# EXERCISE AIM
All entries are to be quoted exactly; the images stay out of the copy.

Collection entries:
══════════
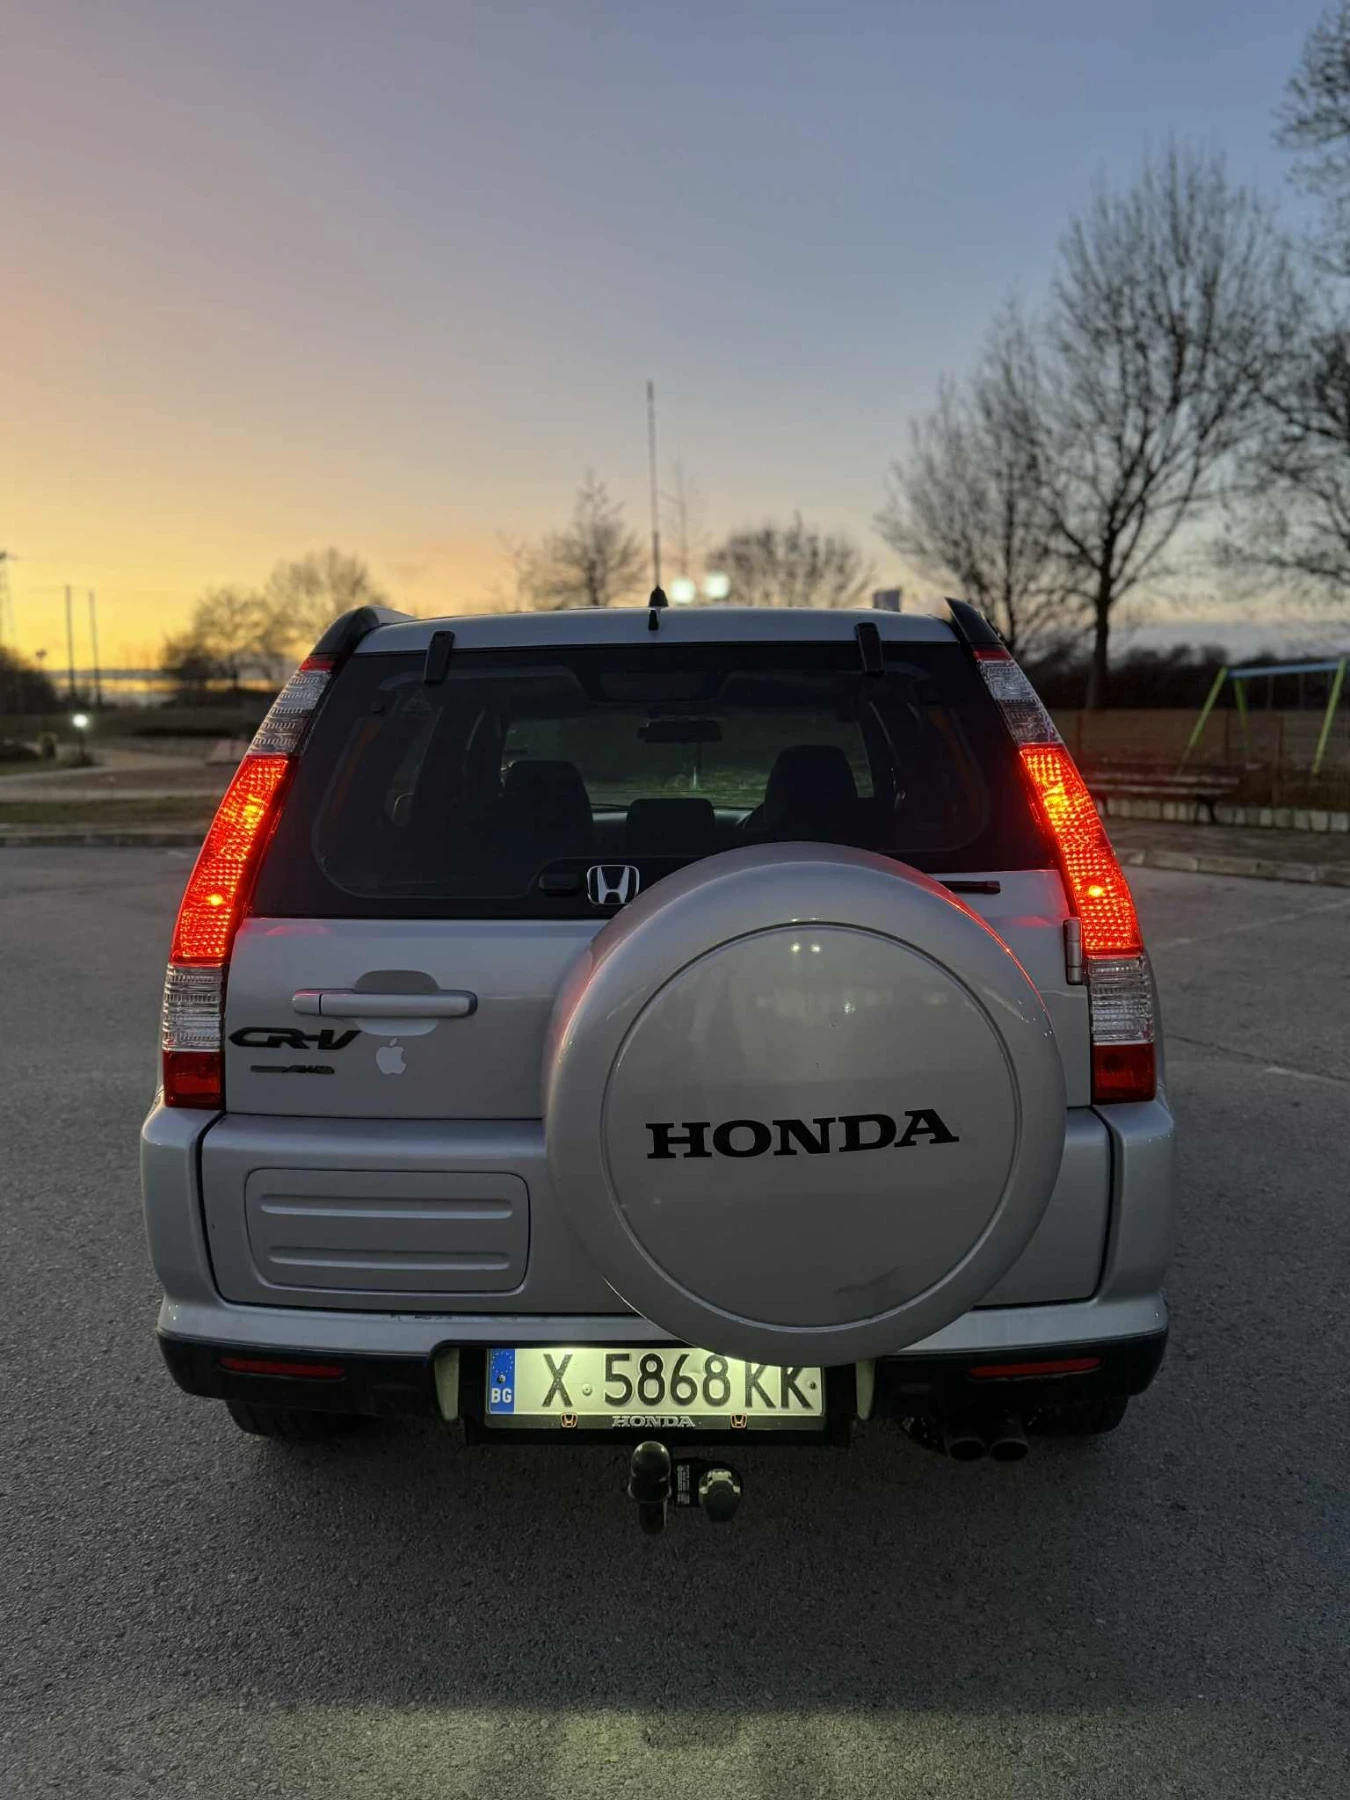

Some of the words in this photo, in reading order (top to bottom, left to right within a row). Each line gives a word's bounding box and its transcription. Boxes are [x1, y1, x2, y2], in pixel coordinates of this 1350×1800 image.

[229, 1027, 361, 1049] CR-V
[646, 1108, 960, 1159] HONDA
[542, 1353, 573, 1407] X
[604, 1353, 731, 1407] 5868
[745, 1363, 812, 1408] KK
[491, 1388, 513, 1404] BG
[611, 1416, 696, 1428] HONDA
══════════
# ANSWER FOR THE TASK
Some of the words in this photo, in reading order (top to bottom, left to right within a row). Each line gives a word's bounding box and its transcription. Boxes are [x1, y1, x2, y2], in pixel coordinates of this 1350×1800 image.

[229, 1027, 361, 1049] CR-V
[646, 1108, 960, 1159] HONDA
[542, 1353, 573, 1407] X
[604, 1353, 731, 1407] 5868
[745, 1363, 812, 1408] KK
[491, 1388, 513, 1404] BG
[611, 1416, 696, 1428] HONDA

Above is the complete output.